When the first version of Apple's iPhone launched back in summer 2007 it was clearly a step ahead of the consumer mobile device market. But with the phone in its second version and established in the market, the competition is catching up--which could be why Apple Tuesday detailed an expansive set of upgrades that users can expect in version 3.0 of the iPhone operating system.
Among the updates included in the coming iPhone 3.0 OS are cut and paste -- which will make early adopters who have been clamoring for that feature since the launch of the smartphone happy -- significant upgrades to the App sales and limited push functionality. Each of those upgrades will continue to help Apple be the bellwether in the mobile phone market.
But among the upgrades are several that iPhone users have long been pining for, such as Multimedia Messaging Service (MMS) and increased use of landscape keyboard typing.
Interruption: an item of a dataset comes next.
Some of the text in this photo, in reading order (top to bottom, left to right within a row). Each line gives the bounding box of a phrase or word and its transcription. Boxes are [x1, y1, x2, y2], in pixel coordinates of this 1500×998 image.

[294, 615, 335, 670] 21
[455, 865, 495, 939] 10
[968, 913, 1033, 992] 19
To Apple's credit, the company delivered the goods by giving customers nearly everything they've been asking for since summer 2007.
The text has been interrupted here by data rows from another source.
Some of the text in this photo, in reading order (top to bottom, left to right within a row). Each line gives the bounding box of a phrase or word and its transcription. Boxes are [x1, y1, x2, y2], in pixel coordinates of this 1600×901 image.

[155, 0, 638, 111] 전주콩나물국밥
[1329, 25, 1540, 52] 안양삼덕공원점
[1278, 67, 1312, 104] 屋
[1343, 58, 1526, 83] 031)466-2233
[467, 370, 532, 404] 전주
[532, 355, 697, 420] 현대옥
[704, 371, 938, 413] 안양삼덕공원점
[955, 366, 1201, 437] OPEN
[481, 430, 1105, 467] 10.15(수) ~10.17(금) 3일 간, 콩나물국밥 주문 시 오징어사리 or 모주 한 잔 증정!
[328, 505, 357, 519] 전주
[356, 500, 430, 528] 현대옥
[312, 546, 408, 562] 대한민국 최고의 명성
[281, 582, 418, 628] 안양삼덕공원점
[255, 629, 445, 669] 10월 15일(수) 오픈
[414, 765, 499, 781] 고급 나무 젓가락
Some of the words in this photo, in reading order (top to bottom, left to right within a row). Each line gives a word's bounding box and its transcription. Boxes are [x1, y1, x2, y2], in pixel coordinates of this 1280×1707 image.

But the fact that the Cupertino, Calif-based computer manufacturer had to provide features standard on other phones seems to indicate that Apple is feeling the heat from the rest of the mobile device market. After all, MMS and landscape typing (via a QWERTY keyboard) have been standard options for both smartphones and non-smartphones for several years.
The lack of a few key features combined with the buzz gathering around the Palm Pre and the continued pressure from Research In Motion's BlackBerry smartphones isn't lost on Apple. Those two foils plus the competition from manufacturers like Nokia, HTC and Samsung have created a market where customers are gaining the power.
When the iPhone was first launched, Apple was confident that it was putting a product on the market that no other company could match. And the Jobs crew was right. The iPhone, simply put, was a game-changer--a portable computing device with a slick design unlike anything that had been seen before.
Sure, there were complaints about it. The lack of a physical keyboard still makes some users shy away.
But again, the lack of some basic functionality, specifically MMS and landscape typing, continued to raise red flags, even though the iPhone is in its second generation.
So at the iPhone 3.0 OS unveiling yesterday, Apple took two important steps back. Adding landscape typing and MMS functionality are equivalent to the company addressing a few cracks in the foundation of a building. Now that those flaws have been shored up, Apple can keep building.